From the second layer, we get,

output= w5 X h1 + w6 X h2

or, output= w5 X (w1 X x1 + w3 X x2 + b1) + w6 X (w2 X x1 + w4 X x2 + b2)

or, output= (w5 X w1+ w6 X w2) X x1 + (w5 X w3+w6 X w4) X x2 + w5 X b1+ w6 X b2

or, output= W1 X x1 + W2 X x2 + B,

where, W1=w5 X w1+ w6 X w2, W2=w5 X w3+w6 X w4 & B= w5 X b1+ w6 X b2.

So the output of the above network is similar to some linear regression model. This will not be the case if we use an activation function. Activation function will introduce some non-linearity in the model. This added non-linearity makes neural network differ from any simple linear regression model. It gives the neural network the ability to solve complex problems or we can say, the ability to understand the complex relationship or patterns between different features. It is not always mandatory for the features to have a linear relationship among themselves, it may also have some non-linear relationships too. These non-linear relationships can be understood by the Neural Network very well. Thanks to activation functions for that!! :clap:

## How does activation function work in a neural network?

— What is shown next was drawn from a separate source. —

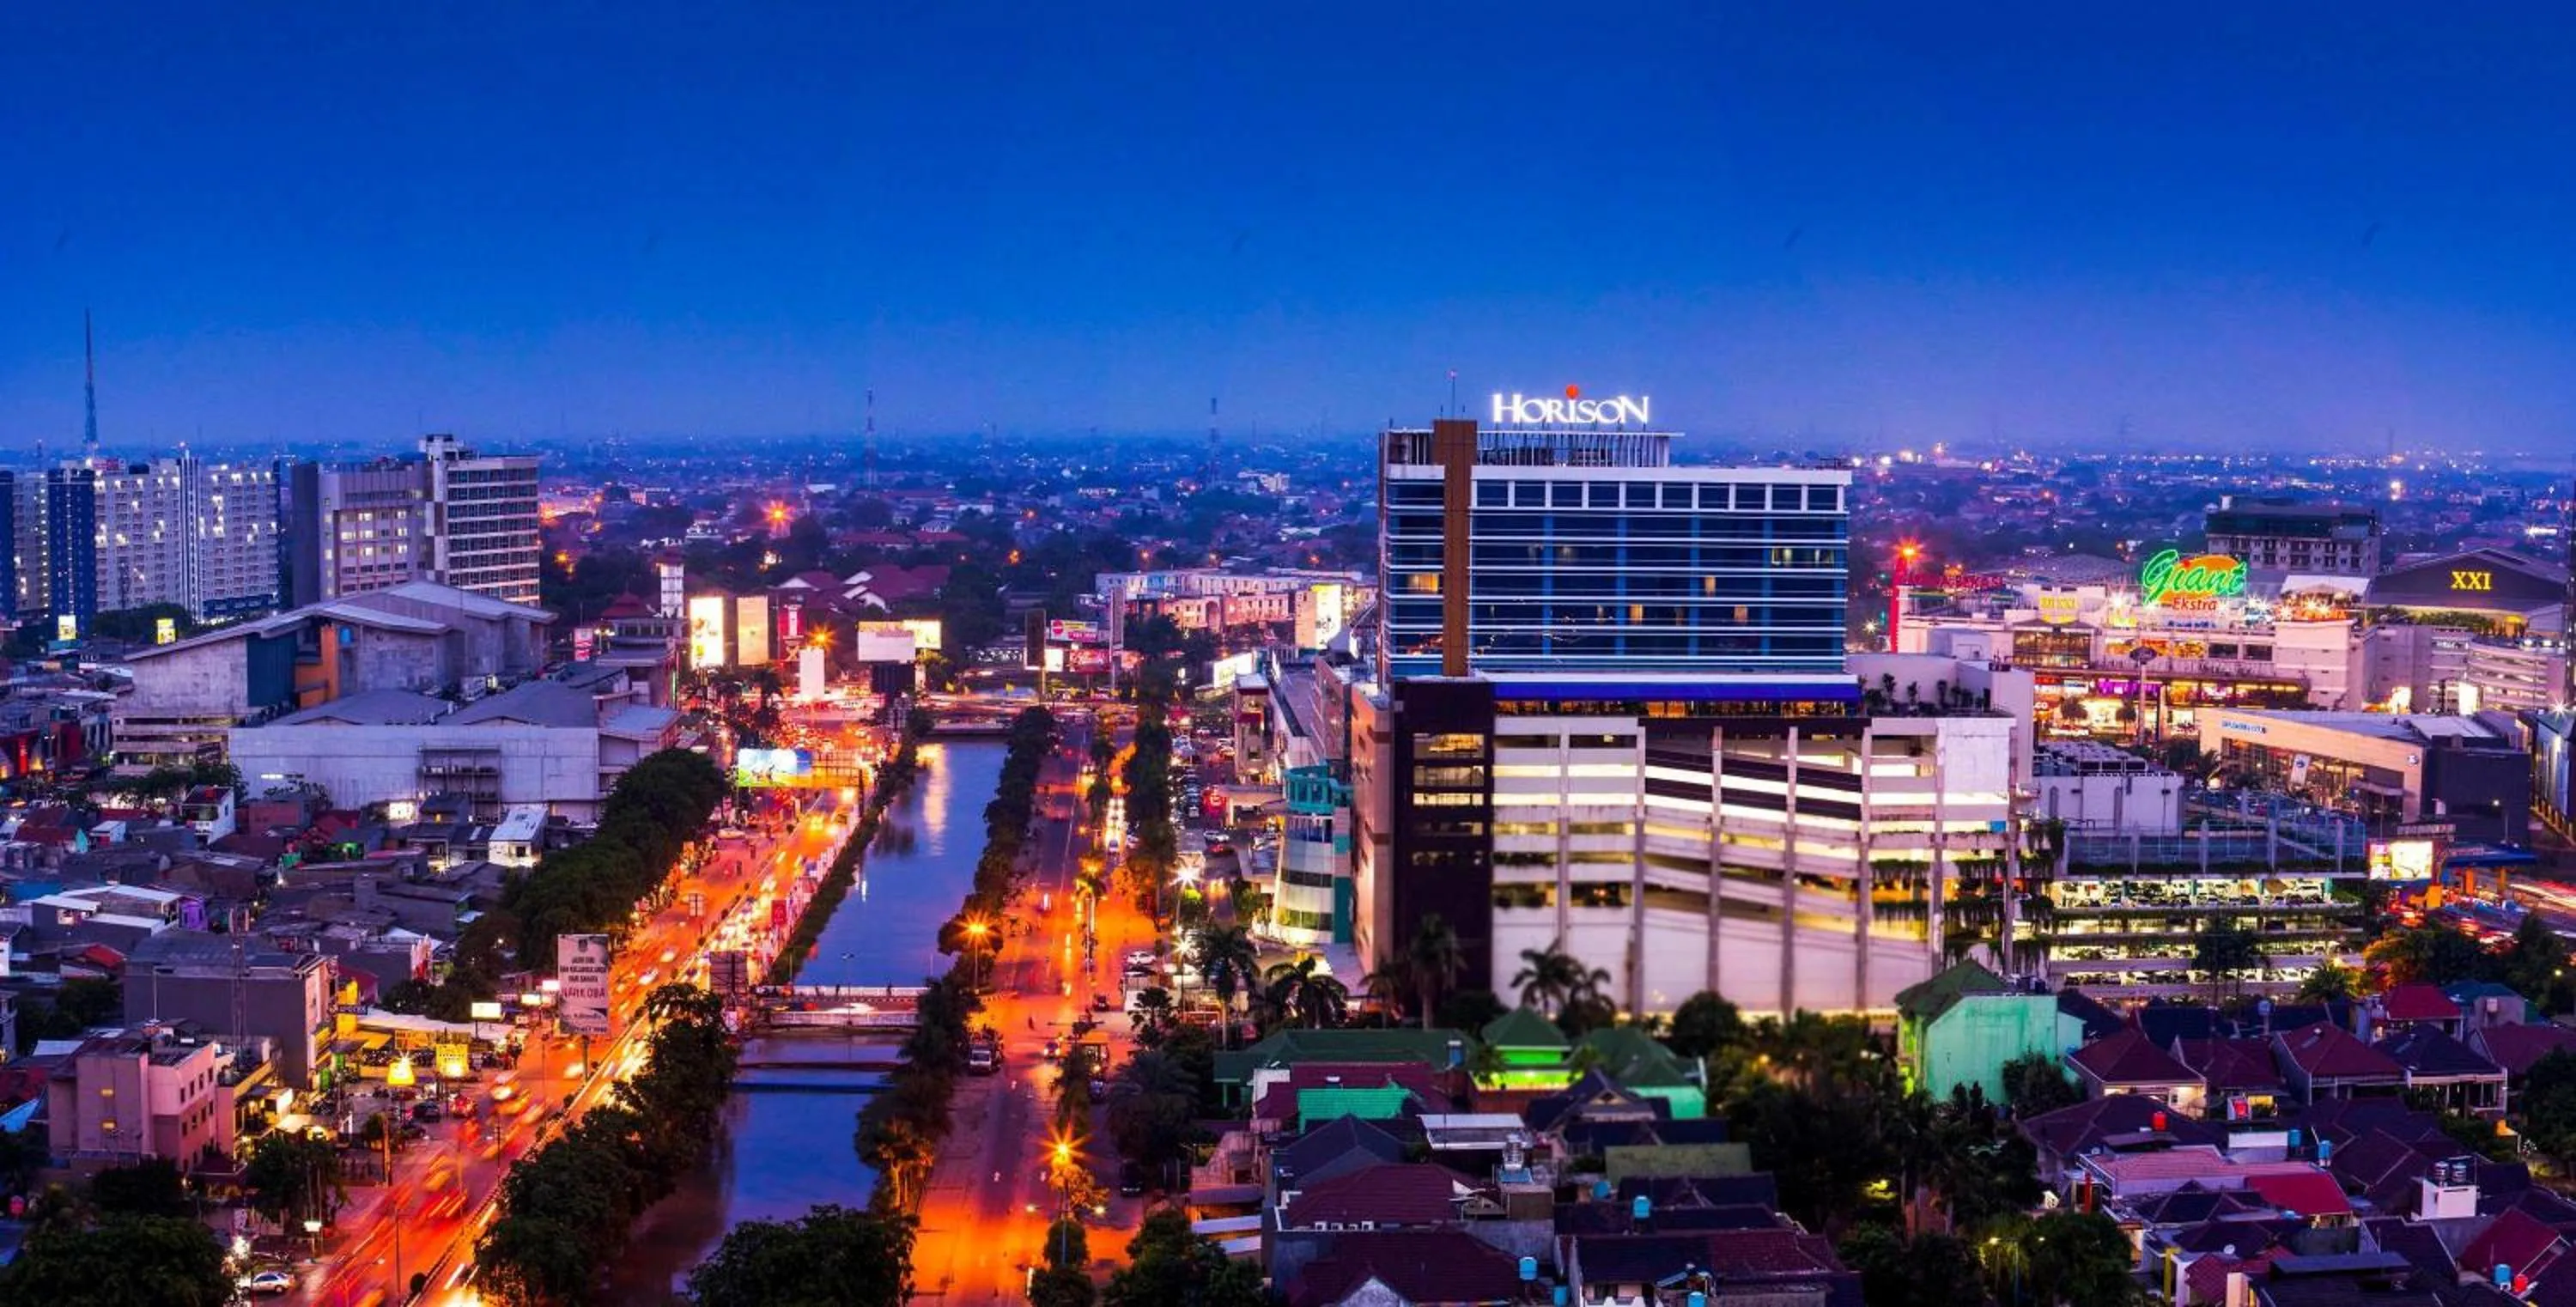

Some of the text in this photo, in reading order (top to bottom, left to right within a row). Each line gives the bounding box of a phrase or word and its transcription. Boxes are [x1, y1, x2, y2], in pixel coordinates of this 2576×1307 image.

In a neural network, inputs are fed into the network from the input layer. In the neurons of the next layer, a **weighted sum ** of the inputs is calculated and a bias is added to the sum. This sum is then passed through an activation function. The output of this activation function is the input of the next layer. As we have discussed above, these activation functions can help the network learn complex data, compute and learn almost any function representing a question, and provide accurate predictions.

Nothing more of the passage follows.